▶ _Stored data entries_
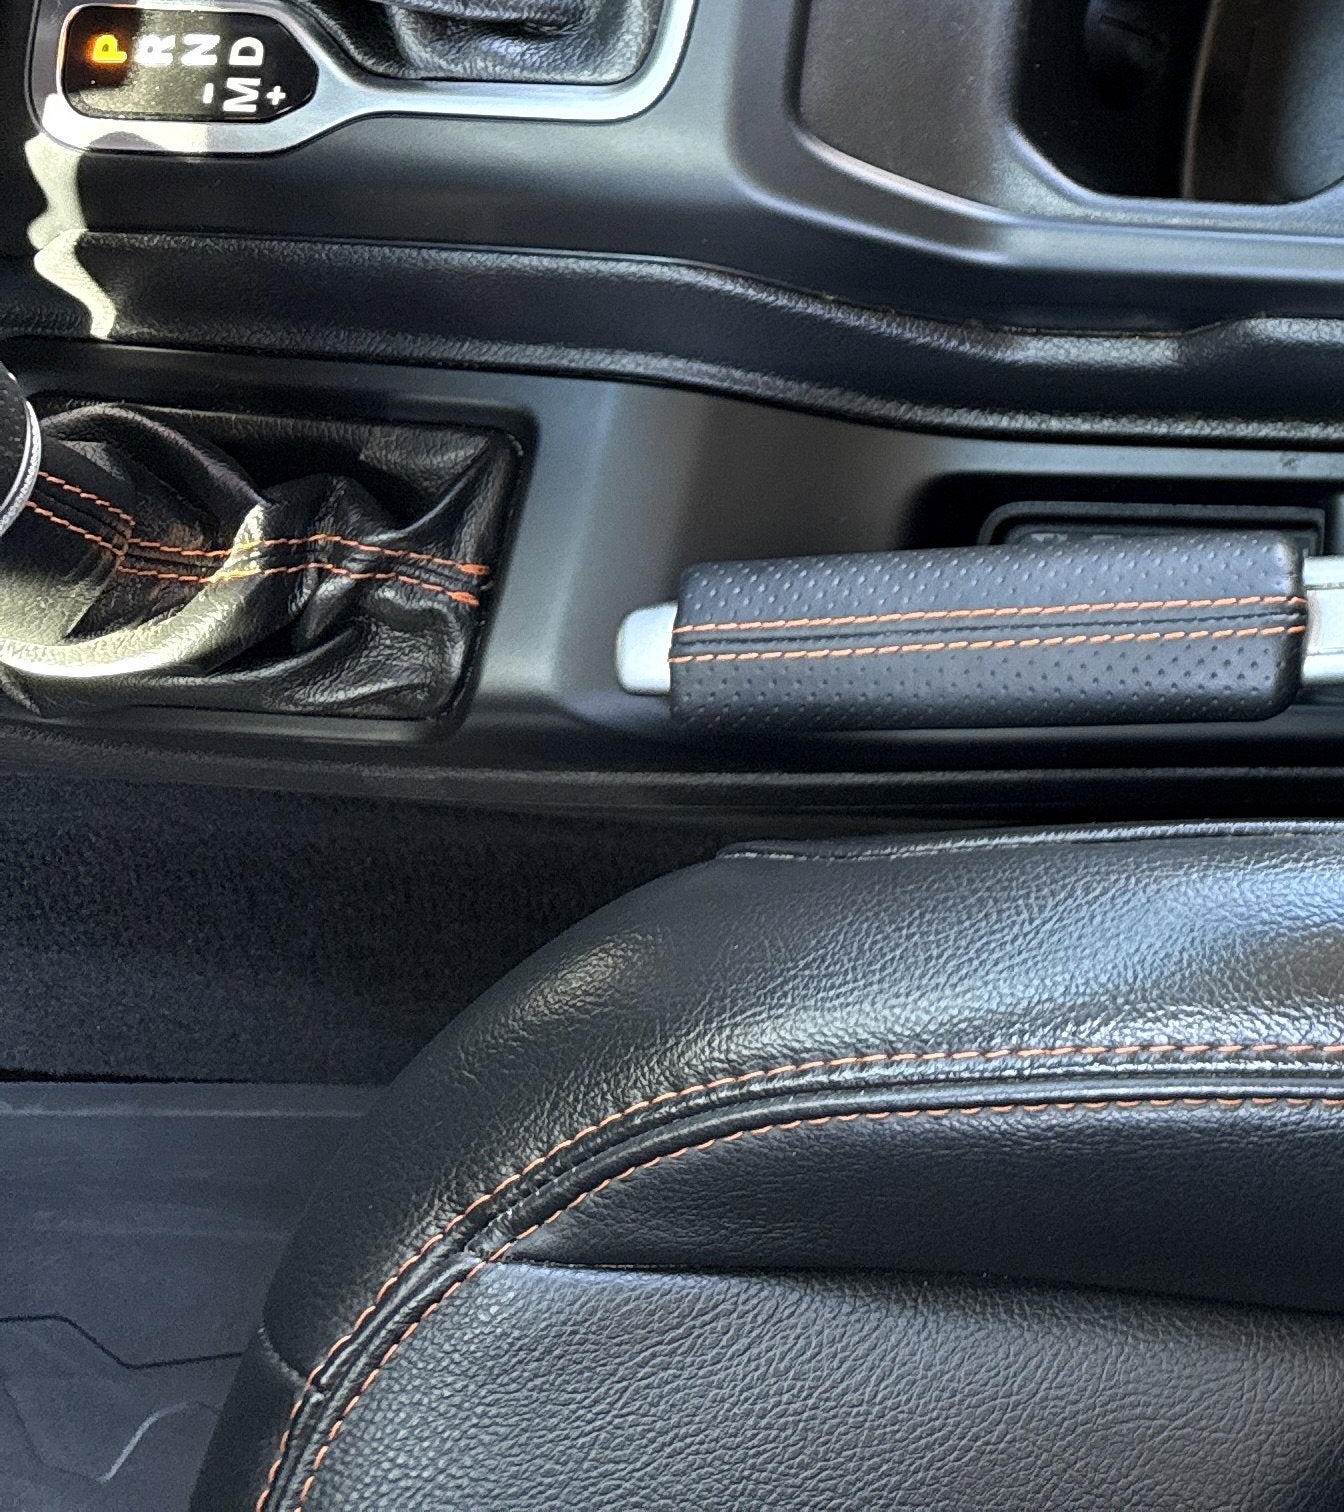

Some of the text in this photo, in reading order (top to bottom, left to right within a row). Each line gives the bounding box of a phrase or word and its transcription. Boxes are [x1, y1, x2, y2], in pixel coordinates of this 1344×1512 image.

[93, 34, 127, 63] P
[136, 35, 176, 66] R
[181, 34, 221, 66] N
[223, 36, 264, 113] M D

▶ _Task instructions_
Print all records word for word, no images.

▶ _Answer to this task_
Some of the text in this photo, in reading order (top to bottom, left to right within a row). Each line gives the bounding box of a phrase or word and its transcription. Boxes are [x1, y1, x2, y2], in pixel coordinates of this 1344×1512 image.

[93, 34, 127, 63] P
[136, 35, 176, 66] R
[181, 34, 221, 66] N
[223, 36, 264, 113] M D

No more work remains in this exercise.